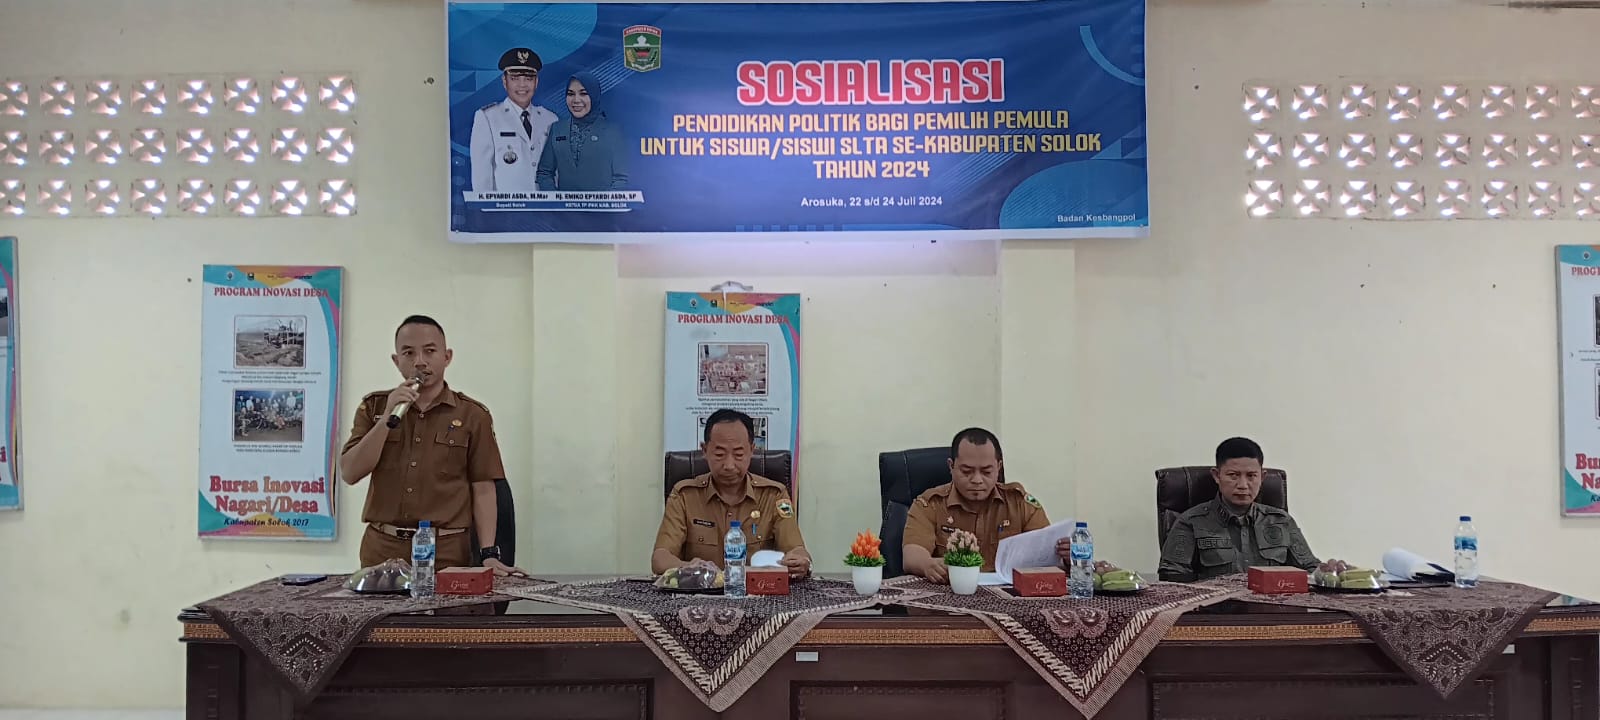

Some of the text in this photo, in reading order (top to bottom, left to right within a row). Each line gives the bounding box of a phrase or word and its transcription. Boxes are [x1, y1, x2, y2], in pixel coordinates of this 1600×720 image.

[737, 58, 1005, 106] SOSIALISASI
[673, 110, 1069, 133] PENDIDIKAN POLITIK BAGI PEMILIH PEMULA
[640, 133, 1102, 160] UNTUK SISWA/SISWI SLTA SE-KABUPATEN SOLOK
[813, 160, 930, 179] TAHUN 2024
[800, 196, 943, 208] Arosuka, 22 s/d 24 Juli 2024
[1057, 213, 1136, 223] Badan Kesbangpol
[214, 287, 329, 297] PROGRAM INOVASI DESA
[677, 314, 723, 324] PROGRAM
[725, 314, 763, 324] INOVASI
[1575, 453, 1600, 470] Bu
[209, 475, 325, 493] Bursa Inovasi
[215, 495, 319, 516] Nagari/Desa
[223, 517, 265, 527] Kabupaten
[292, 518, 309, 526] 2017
☆ ☆ ☆ ☆
Task directions -> Write out every entry above exactly, minus the pictures.

Answer box ->
Some of the text in this photo, in reading order (top to bottom, left to right within a row). Each line gives the bounding box of a phrase or word and its transcription. Boxes are [x1, y1, x2, y2], in pixel coordinates of this 1600×720 image.

[737, 58, 1005, 106] SOSIALISASI
[673, 110, 1069, 133] PENDIDIKAN POLITIK BAGI PEMILIH PEMULA
[640, 133, 1102, 160] UNTUK SISWA/SISWI SLTA SE-KABUPATEN SOLOK
[813, 160, 930, 179] TAHUN 2024
[800, 196, 943, 208] Arosuka, 22 s/d 24 Juli 2024
[1057, 213, 1136, 223] Badan Kesbangpol
[214, 287, 329, 297] PROGRAM INOVASI DESA
[677, 314, 723, 324] PROGRAM
[725, 314, 763, 324] INOVASI
[1575, 453, 1600, 470] Bu
[209, 475, 325, 493] Bursa Inovasi
[215, 495, 319, 516] Nagari/Desa
[223, 517, 265, 527] Kabupaten
[292, 518, 309, 526] 2017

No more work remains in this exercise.